What the task asks. Make an exact copy of all the records that follow, apart from the pictures.

Provided information.
● ● ● ●
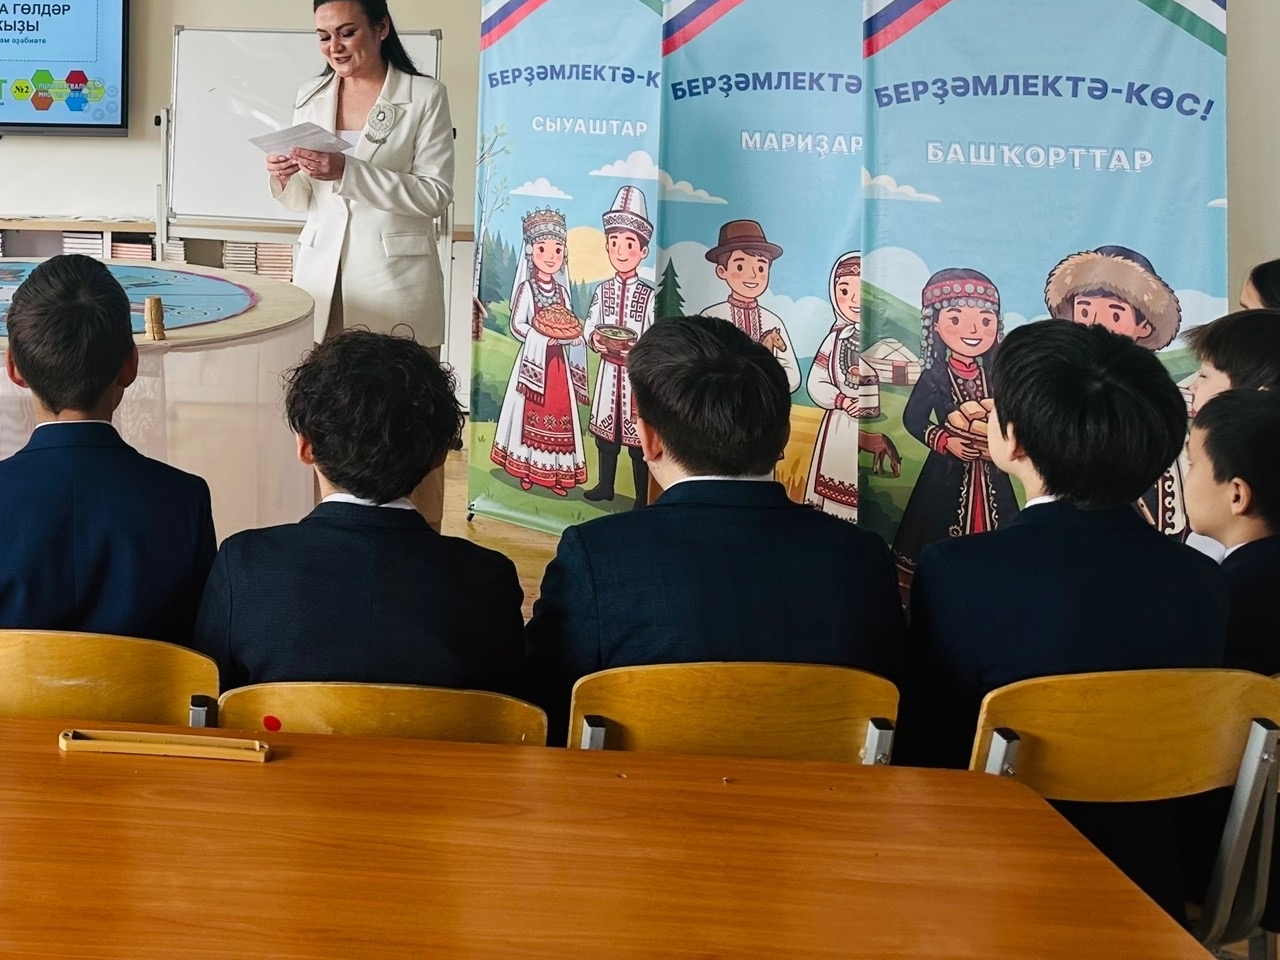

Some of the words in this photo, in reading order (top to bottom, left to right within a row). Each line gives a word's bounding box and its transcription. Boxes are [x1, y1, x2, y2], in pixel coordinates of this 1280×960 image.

[13, 3, 71, 17] ГӨЛДӘР
[13, 85, 30, 94] №2
[487, 64, 661, 89] БЕРҘӘМЛЕКТӘ-К
[670, 71, 863, 101] БЕРҘӘМЛЕКТӘ
[874, 74, 1216, 122] БЕРҘӘМЛЕКТӘ-КӨС!
[531, 115, 648, 137] СЫУАШТАР
[741, 129, 863, 158] МАРИҘАР
[926, 142, 1154, 173] БАШҠОРТТАР
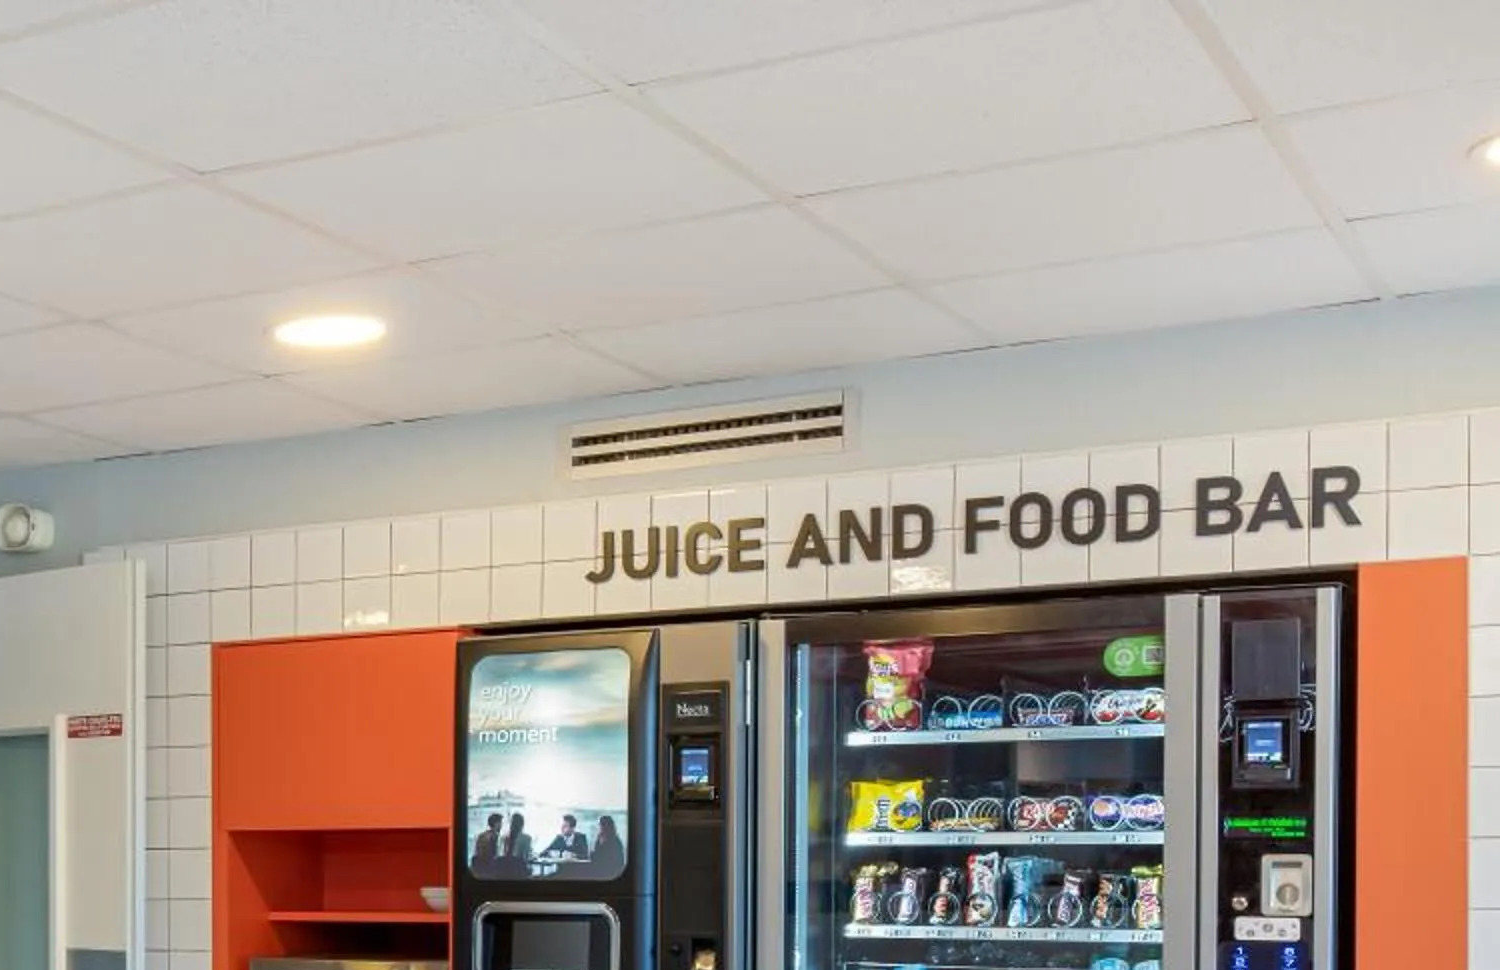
● ● ● ●
Task answer.
Some of the words in this photo, in reading order (top to bottom, left to right within a row). Each line gives a word's bounding box and its transcription. Boxes are [x1, y1, x2, y2], in pixel coordinates of this 1280×960 image.

[13, 3, 71, 17] ГӨЛДӘР
[13, 85, 30, 94] №2
[487, 64, 661, 89] БЕРҘӘМЛЕКТӘ-К
[670, 71, 863, 101] БЕРҘӘМЛЕКТӘ
[874, 74, 1216, 122] БЕРҘӘМЛЕКТӘ-КӨС!
[531, 115, 648, 137] СЫУАШТАР
[741, 129, 863, 158] МАРИҘАР
[926, 142, 1154, 173] БАШҠОРТТАР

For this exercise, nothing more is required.